Instructions for the task:
Give a faithful, exact copy of all entries, minus the images.
--- Given records ---
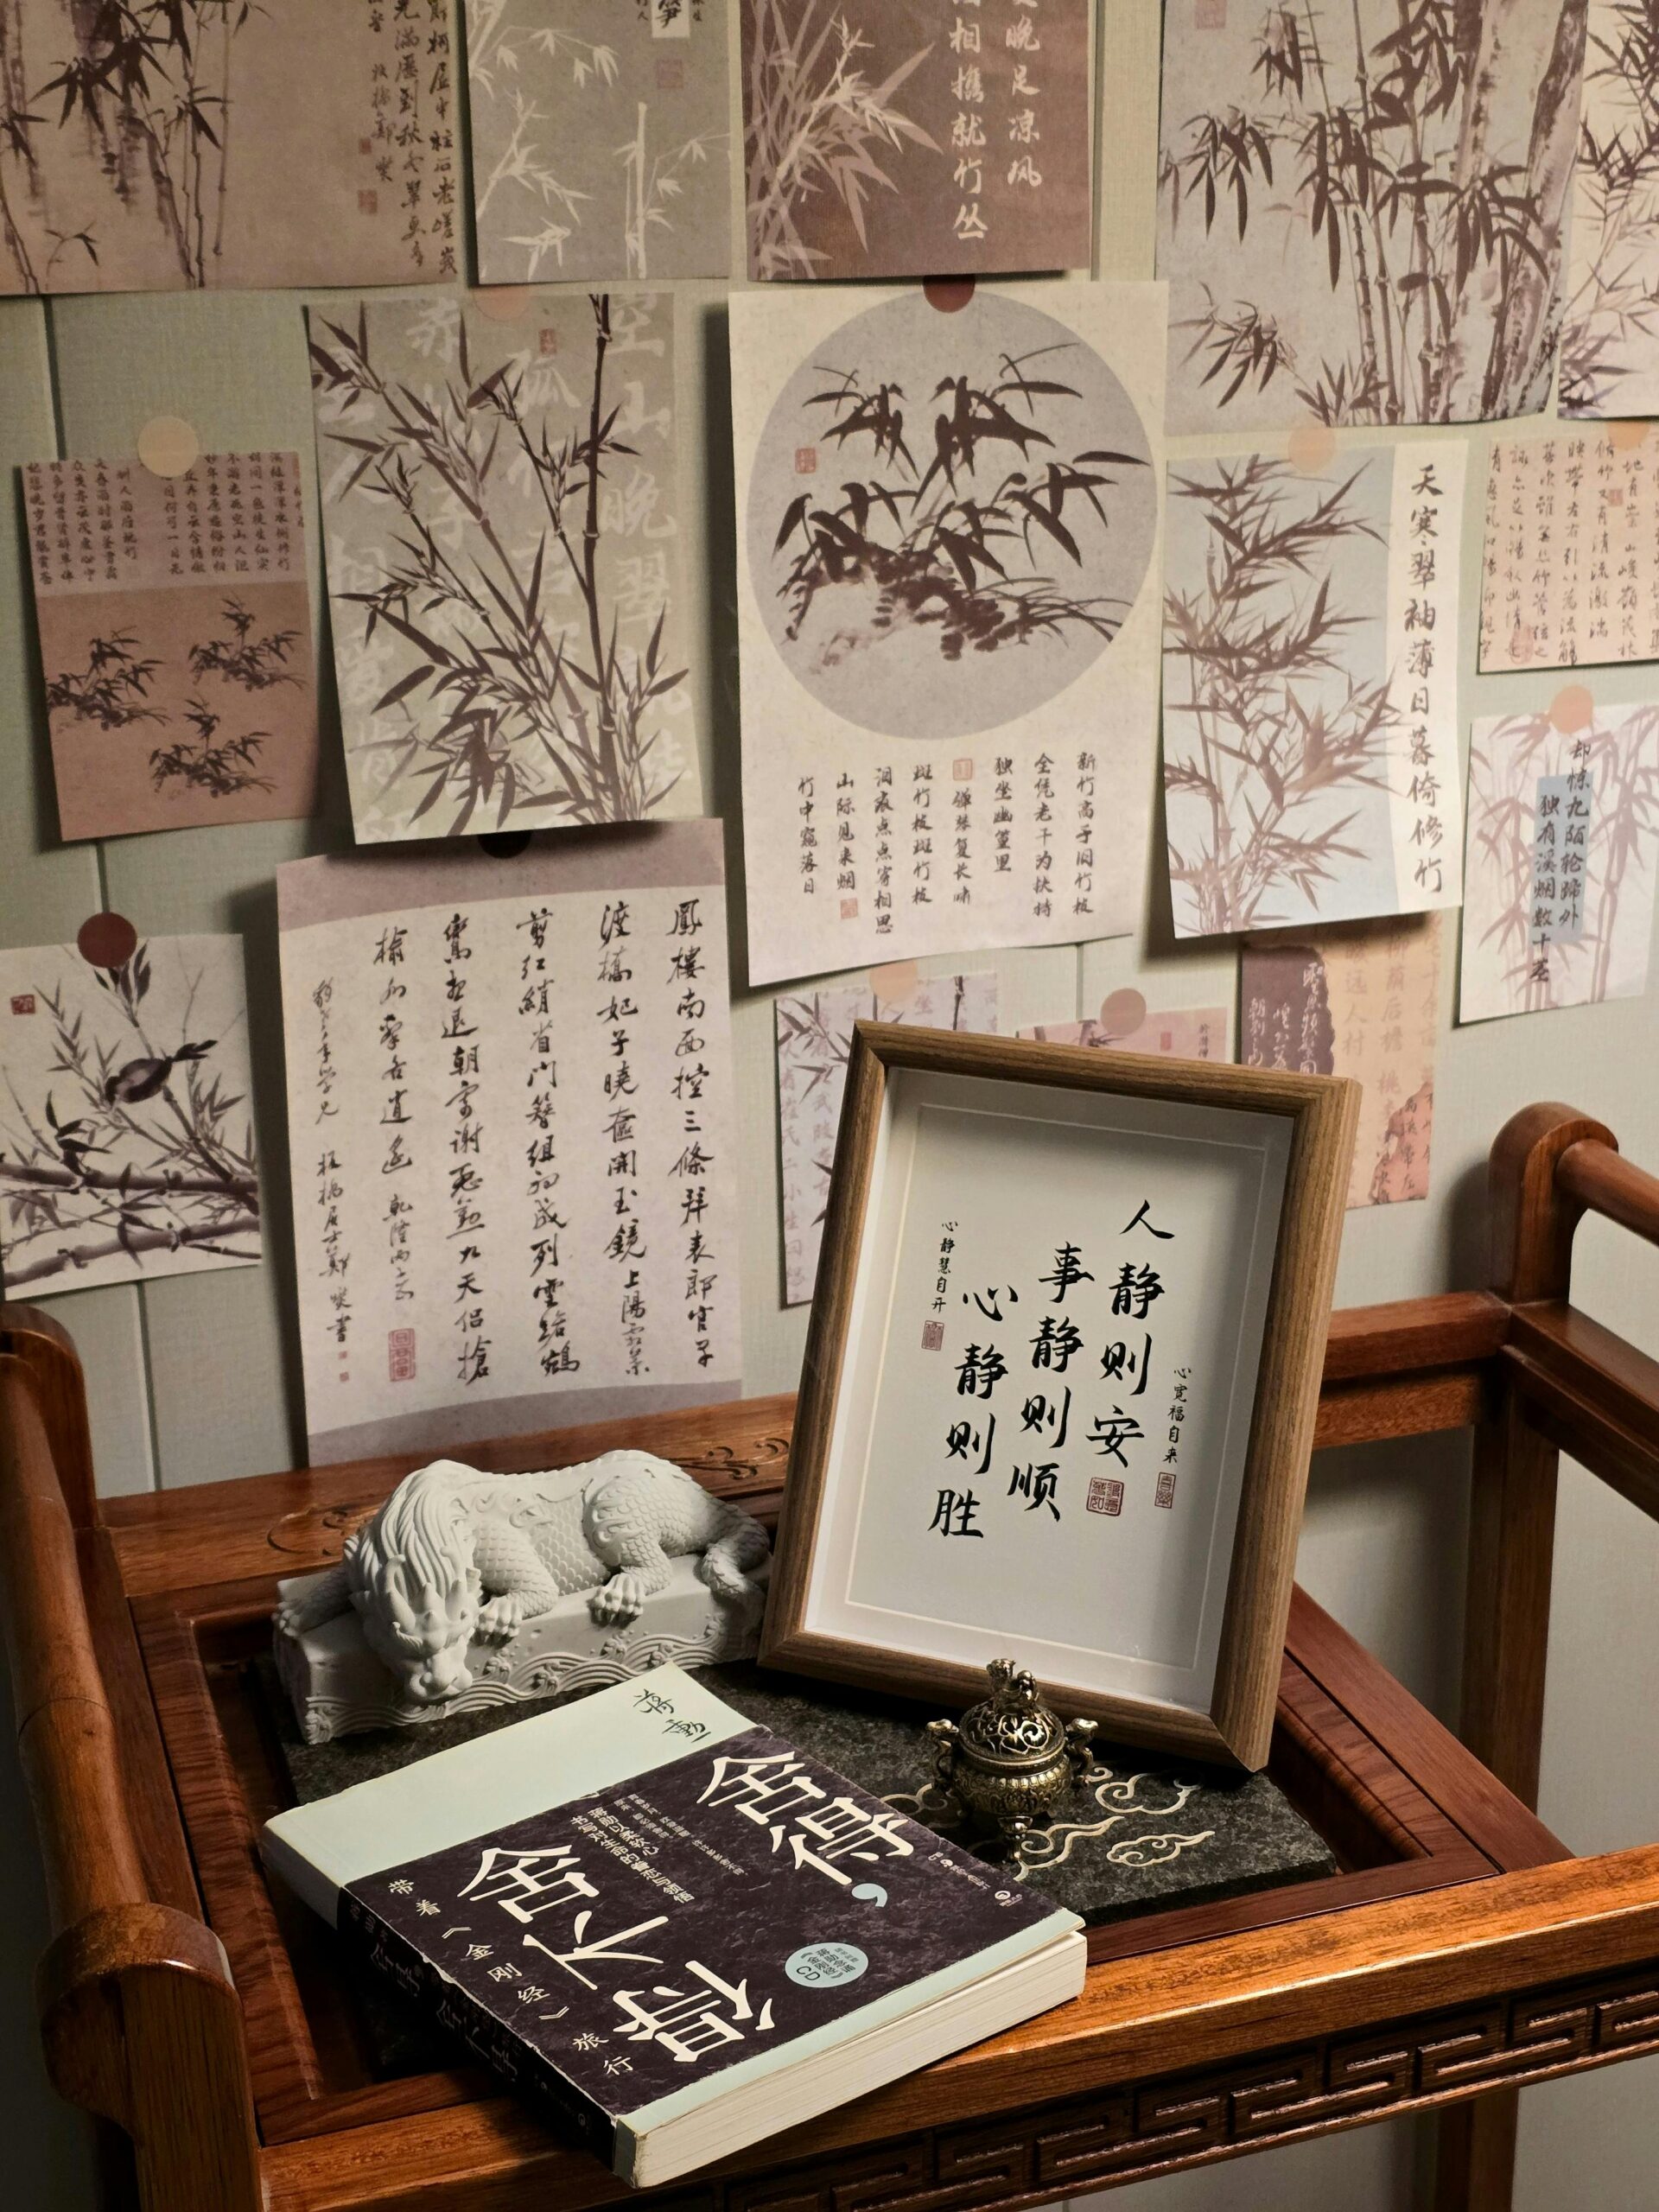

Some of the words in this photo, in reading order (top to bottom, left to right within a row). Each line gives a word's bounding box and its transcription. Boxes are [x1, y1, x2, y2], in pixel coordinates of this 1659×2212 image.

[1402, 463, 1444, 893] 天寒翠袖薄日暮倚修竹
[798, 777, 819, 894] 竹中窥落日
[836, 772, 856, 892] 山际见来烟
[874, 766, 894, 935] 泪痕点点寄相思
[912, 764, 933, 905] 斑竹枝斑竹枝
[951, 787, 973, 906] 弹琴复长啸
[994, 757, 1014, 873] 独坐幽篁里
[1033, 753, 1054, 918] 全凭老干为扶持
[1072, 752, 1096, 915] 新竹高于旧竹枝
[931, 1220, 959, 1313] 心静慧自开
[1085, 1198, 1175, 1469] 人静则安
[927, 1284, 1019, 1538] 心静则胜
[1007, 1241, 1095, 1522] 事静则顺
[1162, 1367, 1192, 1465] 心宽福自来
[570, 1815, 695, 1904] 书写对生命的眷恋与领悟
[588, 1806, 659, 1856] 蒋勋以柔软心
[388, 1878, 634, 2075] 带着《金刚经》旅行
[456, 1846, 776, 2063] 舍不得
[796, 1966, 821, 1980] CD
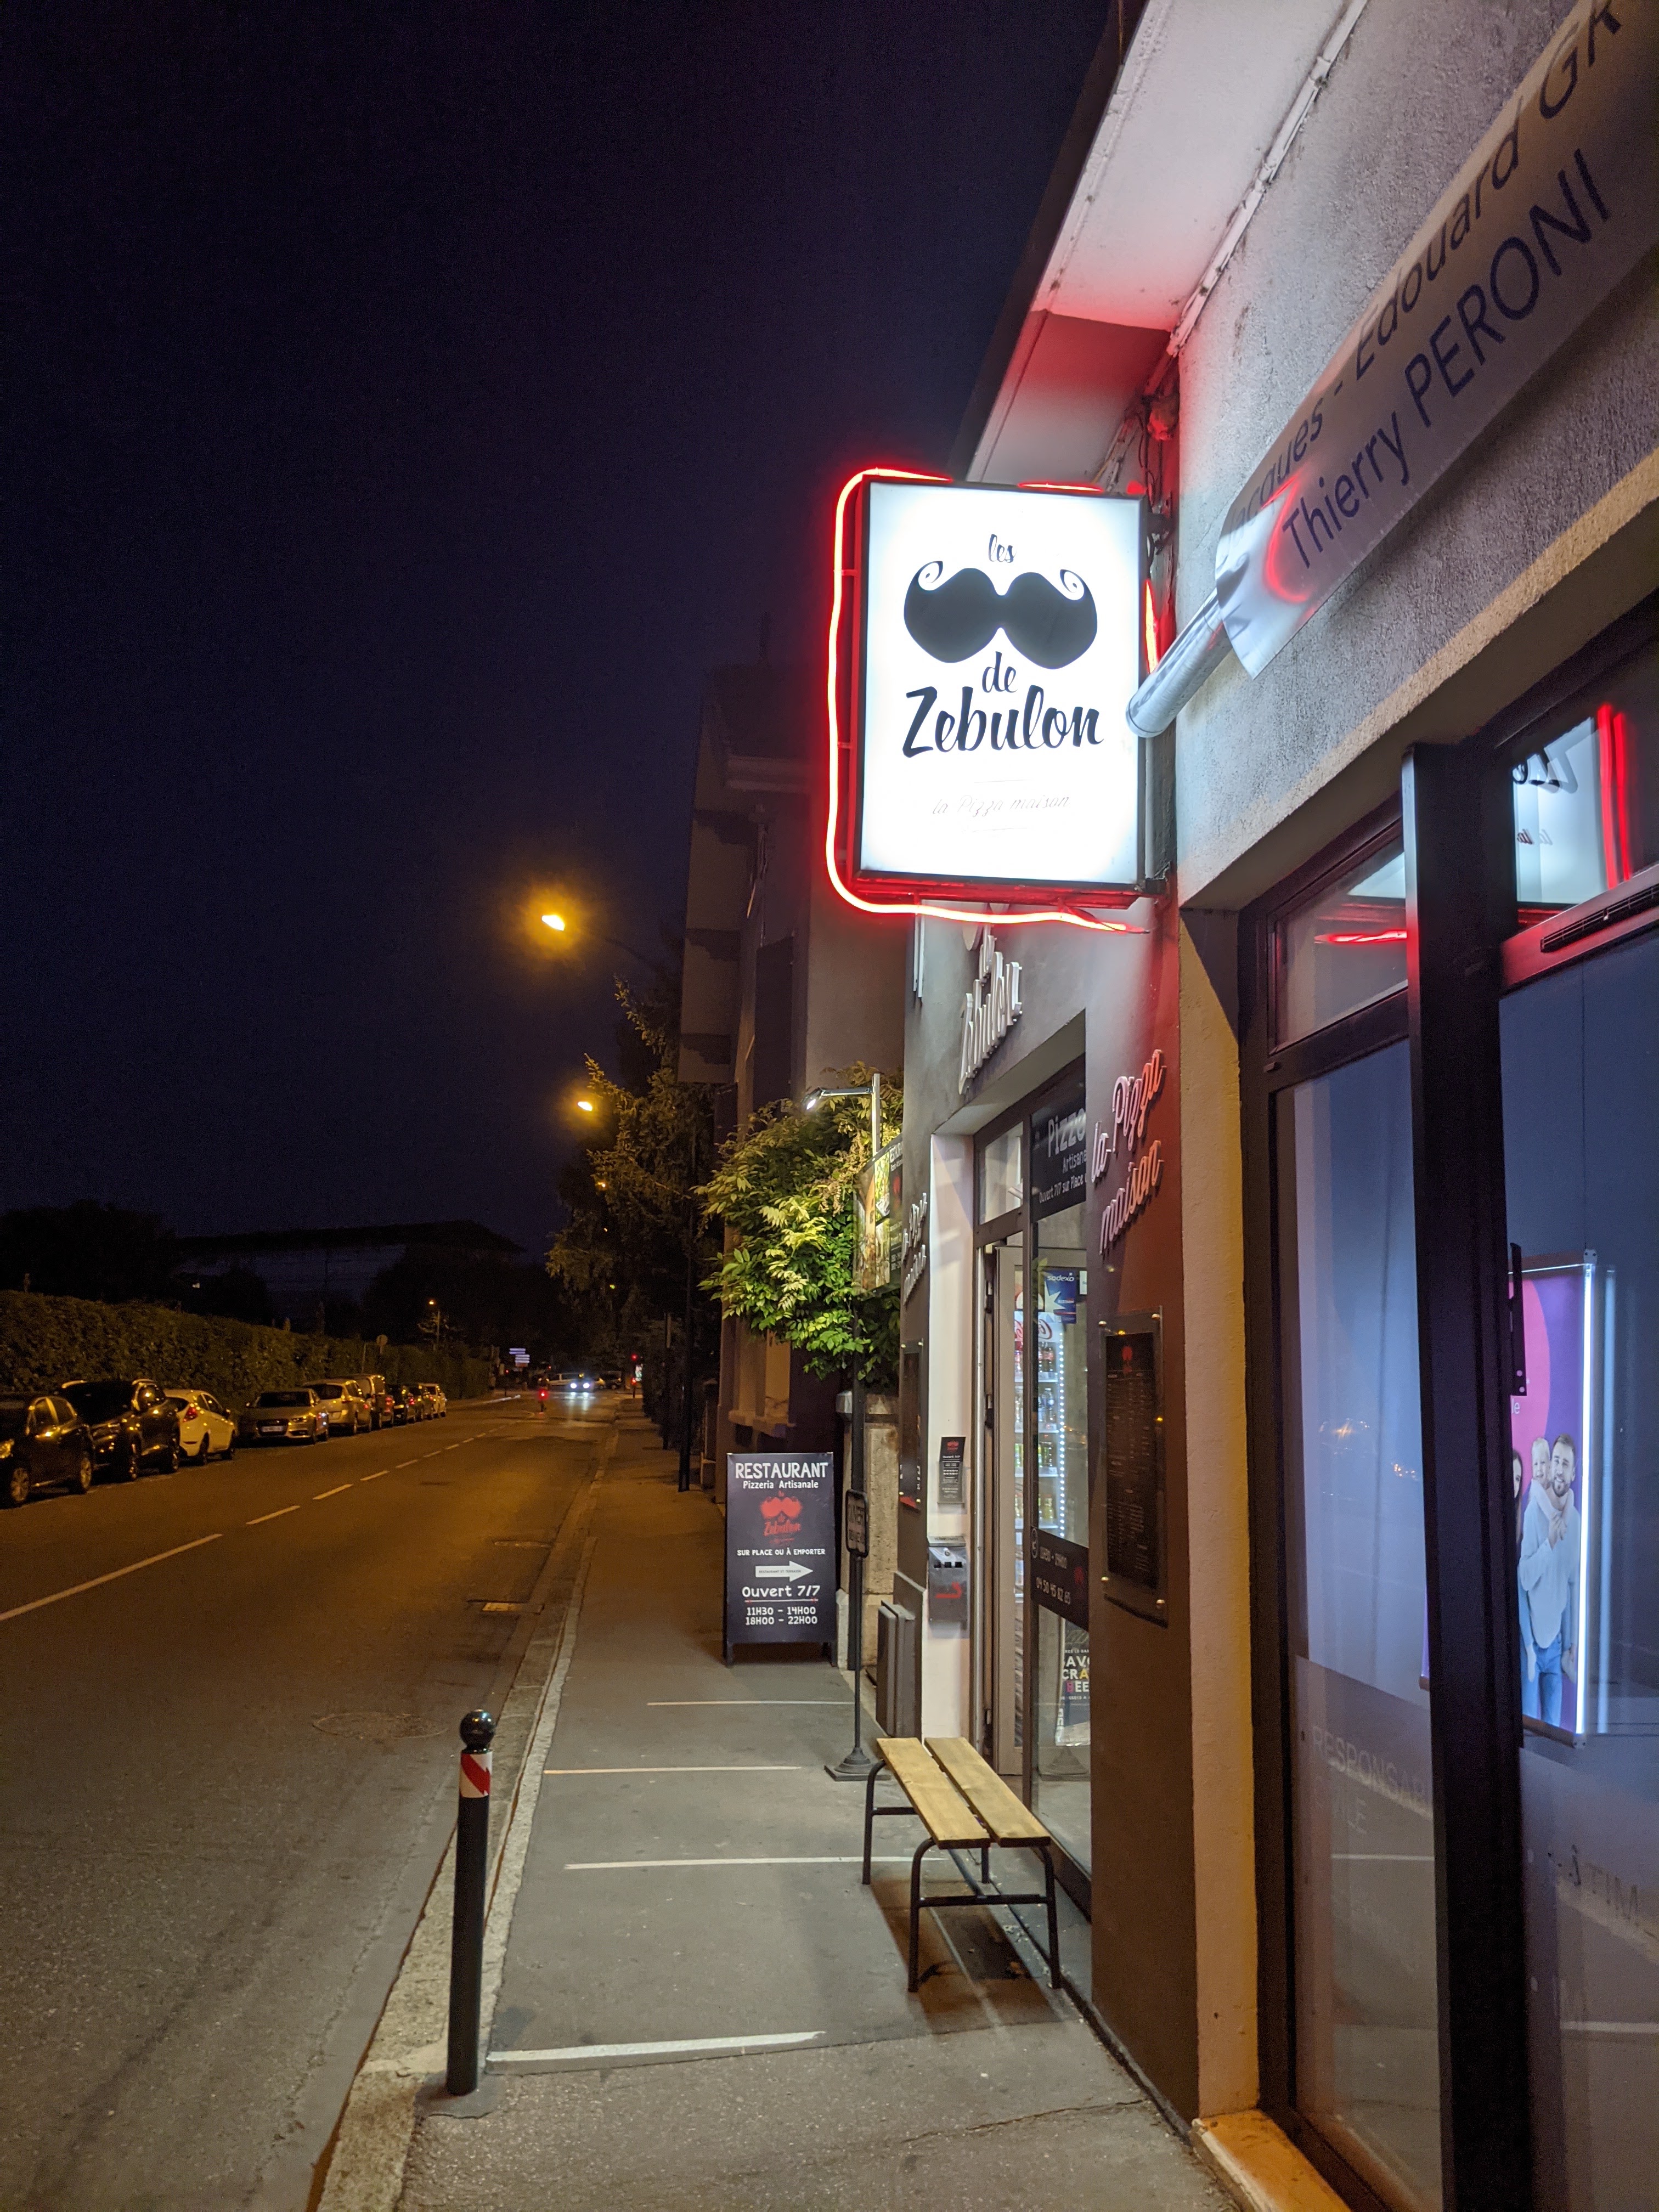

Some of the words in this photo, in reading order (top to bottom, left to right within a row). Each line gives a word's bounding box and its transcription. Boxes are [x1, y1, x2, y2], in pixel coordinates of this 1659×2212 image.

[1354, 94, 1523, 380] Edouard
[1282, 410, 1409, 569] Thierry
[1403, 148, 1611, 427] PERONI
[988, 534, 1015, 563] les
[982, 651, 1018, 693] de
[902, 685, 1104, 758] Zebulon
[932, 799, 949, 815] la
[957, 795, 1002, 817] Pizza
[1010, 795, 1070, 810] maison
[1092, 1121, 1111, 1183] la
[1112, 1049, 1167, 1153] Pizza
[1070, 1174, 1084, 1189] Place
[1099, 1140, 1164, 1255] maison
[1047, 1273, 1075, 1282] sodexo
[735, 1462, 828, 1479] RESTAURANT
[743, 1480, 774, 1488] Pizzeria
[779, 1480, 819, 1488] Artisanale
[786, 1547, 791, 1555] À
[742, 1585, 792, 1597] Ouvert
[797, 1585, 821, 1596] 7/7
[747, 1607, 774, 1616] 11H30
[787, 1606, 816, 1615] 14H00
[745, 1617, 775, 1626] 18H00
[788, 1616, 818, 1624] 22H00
---
Task result:
Some of the words in this photo, in reading order (top to bottom, left to right within a row). Each line gives a word's bounding box and its transcription. Boxes are [x1, y1, x2, y2], in pixel coordinates of this 1659×2212 image.

[1402, 463, 1444, 893] 天寒翠袖薄日暮倚修竹
[798, 777, 819, 894] 竹中窥落日
[836, 772, 856, 892] 山际见来烟
[874, 766, 894, 935] 泪痕点点寄相思
[912, 764, 933, 905] 斑竹枝斑竹枝
[951, 787, 973, 906] 弹琴复长啸
[994, 757, 1014, 873] 独坐幽篁里
[1033, 753, 1054, 918] 全凭老干为扶持
[1072, 752, 1096, 915] 新竹高于旧竹枝
[931, 1220, 959, 1313] 心静慧自开
[1085, 1198, 1175, 1469] 人静则安
[927, 1284, 1019, 1538] 心静则胜
[1007, 1241, 1095, 1522] 事静则顺
[1162, 1367, 1192, 1465] 心宽福自来
[570, 1815, 695, 1904] 书写对生命的眷恋与领悟
[588, 1806, 659, 1856] 蒋勋以柔软心
[388, 1878, 634, 2075] 带着《金刚经》旅行
[456, 1846, 776, 2063] 舍不得
[796, 1966, 821, 1980] CD

Some of the words in this photo, in reading order (top to bottom, left to right within a row). Each line gives a word's bounding box and its transcription. Boxes are [x1, y1, x2, y2], in pixel coordinates of this 1659×2212 image.

[1354, 94, 1523, 380] Edouard
[1282, 410, 1409, 569] Thierry
[1403, 148, 1611, 427] PERONI
[988, 534, 1015, 563] les
[982, 651, 1018, 693] de
[902, 685, 1104, 758] Zebulon
[932, 799, 949, 815] la
[957, 795, 1002, 817] Pizza
[1010, 795, 1070, 810] maison
[1092, 1121, 1111, 1183] la
[1112, 1049, 1167, 1153] Pizza
[1070, 1174, 1084, 1189] Place
[1099, 1140, 1164, 1255] maison
[1047, 1273, 1075, 1282] sodexo
[735, 1462, 828, 1479] RESTAURANT
[743, 1480, 774, 1488] Pizzeria
[779, 1480, 819, 1488] Artisanale
[786, 1547, 791, 1555] À
[742, 1585, 792, 1597] Ouvert
[797, 1585, 821, 1596] 7/7
[747, 1607, 774, 1616] 11H30
[787, 1606, 816, 1615] 14H00
[745, 1617, 775, 1626] 18H00
[788, 1616, 818, 1624] 22H00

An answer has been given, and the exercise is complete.